La evaluación pertinente

El próximo viernes el presidente Danilo Medina cumplirá el primer año de su juramentación y desde ya abundan las evaluaciones de su gestión con balances matizados por el color del cristal con el que se echa la mirada.

Algunos podrían utilizar el discurso de juramentación del presidente Medina como parámetro para evaluarlo, mientras otros bien pudieran preferir el programa de gobierno que presentó durante la campaña electoral.

Ahora bien, dentro del marco de la institucionalidad, el elemento indispensable para etiquetar la marcha del Gobierno que se inició el 16 de agosto de 2012 lo constituye las prioridades definidas en la Estrategia Nacional de Desarrollo, convertida en una ley aprobada con un amplio consenso social.

Esa legislación plantea como prioridades la mejora del sistema eléctrico, la calidad de la educación y la estructura tributaria. Incluso, indica que la nación debe abocarse a tres grandes pactos: el eléctrico, el fiscal y el de la educación.
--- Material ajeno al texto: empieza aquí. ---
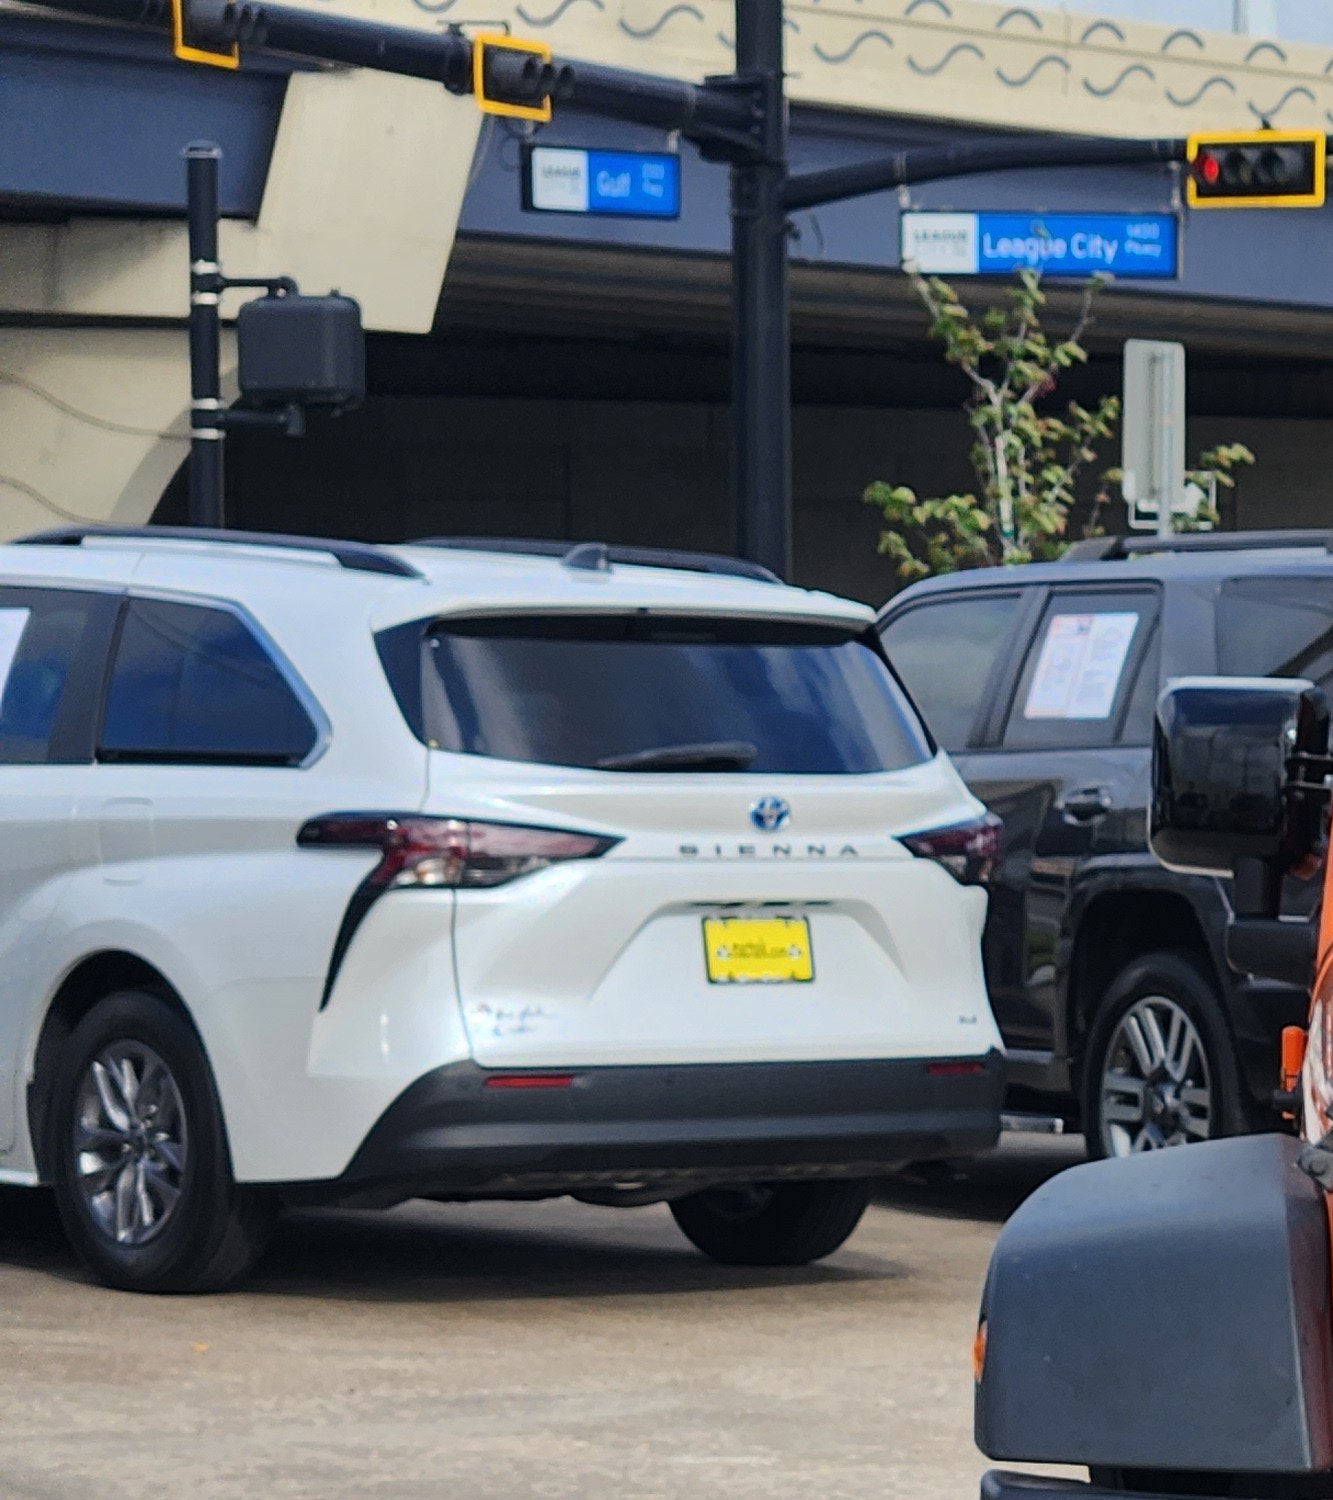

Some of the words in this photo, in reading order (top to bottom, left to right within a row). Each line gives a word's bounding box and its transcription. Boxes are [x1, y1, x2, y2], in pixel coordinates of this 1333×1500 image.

El Gobierno mismo debe hacer su autoevaluación basado en estos tres pilares, que a su vez tendrán repercusión en otros renglones trascendentes, como son la seguridad pública y el empleo.

Una verdadera lucha contra la pobreza en República Dominicana será exitosa si se avanza en la solución de los tres grandes retos que ya están identificados en esa ley que se llama Estrategia Nacional de Desarrollo.